● Problem details:
From the line with "this 1280×1278 image." through the final line, please write out the listing exactly, including both of those lines.

==== Provided records ====

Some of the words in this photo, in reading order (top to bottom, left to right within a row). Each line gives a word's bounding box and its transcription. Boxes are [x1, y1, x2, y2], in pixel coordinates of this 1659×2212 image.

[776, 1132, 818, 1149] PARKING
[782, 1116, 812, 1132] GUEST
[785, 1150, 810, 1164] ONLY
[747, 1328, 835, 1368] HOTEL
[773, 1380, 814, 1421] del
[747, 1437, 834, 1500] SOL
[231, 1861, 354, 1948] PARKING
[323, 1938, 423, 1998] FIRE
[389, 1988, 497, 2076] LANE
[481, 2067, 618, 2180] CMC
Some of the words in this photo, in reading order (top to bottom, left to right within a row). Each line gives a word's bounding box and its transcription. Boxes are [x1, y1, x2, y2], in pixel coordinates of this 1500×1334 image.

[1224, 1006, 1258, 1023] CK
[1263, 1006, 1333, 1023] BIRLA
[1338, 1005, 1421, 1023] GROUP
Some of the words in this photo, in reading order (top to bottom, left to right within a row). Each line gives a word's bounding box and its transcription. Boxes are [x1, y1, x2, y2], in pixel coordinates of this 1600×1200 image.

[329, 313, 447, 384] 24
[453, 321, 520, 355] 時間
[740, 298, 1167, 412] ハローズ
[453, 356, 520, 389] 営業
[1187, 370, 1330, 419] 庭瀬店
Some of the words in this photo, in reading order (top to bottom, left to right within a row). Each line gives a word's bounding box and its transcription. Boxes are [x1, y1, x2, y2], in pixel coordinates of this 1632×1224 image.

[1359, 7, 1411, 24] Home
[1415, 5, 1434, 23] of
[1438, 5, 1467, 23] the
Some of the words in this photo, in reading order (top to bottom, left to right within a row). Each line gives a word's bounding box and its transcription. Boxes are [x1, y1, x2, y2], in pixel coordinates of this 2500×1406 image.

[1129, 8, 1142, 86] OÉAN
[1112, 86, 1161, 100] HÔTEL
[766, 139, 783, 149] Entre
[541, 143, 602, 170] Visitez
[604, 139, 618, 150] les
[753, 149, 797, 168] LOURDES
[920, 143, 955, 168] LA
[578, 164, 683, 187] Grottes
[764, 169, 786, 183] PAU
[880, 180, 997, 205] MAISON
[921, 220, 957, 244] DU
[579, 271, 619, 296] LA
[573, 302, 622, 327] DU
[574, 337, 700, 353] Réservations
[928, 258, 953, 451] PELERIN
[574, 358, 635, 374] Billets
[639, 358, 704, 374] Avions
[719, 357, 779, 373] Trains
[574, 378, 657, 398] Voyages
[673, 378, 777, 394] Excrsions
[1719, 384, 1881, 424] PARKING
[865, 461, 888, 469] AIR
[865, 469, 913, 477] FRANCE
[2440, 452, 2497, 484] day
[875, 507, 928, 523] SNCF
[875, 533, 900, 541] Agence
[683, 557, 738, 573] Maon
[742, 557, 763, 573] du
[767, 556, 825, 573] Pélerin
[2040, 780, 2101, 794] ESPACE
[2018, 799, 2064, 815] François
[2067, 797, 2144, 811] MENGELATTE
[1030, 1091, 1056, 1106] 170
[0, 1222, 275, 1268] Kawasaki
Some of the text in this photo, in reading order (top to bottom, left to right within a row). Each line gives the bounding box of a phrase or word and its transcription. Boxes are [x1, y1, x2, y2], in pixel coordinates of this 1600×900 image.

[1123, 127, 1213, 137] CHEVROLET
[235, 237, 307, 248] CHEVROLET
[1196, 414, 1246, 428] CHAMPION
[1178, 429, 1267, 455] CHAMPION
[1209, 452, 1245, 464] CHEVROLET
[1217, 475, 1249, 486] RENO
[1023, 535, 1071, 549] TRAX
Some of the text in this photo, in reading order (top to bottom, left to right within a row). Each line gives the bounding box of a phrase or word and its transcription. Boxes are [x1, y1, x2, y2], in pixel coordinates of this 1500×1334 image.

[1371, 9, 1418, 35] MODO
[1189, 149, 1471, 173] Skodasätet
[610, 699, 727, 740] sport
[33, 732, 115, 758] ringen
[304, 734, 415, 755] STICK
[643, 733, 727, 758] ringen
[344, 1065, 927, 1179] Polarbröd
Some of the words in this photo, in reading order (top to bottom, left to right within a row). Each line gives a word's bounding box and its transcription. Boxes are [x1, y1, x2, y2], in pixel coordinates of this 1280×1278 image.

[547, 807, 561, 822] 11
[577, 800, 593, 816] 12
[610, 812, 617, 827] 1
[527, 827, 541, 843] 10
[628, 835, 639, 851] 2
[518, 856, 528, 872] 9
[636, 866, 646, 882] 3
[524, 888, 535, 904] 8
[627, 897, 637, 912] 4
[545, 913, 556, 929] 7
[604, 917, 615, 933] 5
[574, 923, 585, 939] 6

====

● Result of this task:
Some of the words in this photo, in reading order (top to bottom, left to right within a row). Each line gives a word's bounding box and its transcription. Boxes are [x1, y1, x2, y2], in pixel coordinates of this 1280×1278 image.

[547, 807, 561, 822] 11
[577, 800, 593, 816] 12
[610, 812, 617, 827] 1
[527, 827, 541, 843] 10
[628, 835, 639, 851] 2
[518, 856, 528, 872] 9
[636, 866, 646, 882] 3
[524, 888, 535, 904] 8
[627, 897, 637, 912] 4
[545, 913, 556, 929] 7
[604, 917, 615, 933] 5
[574, 923, 585, 939] 6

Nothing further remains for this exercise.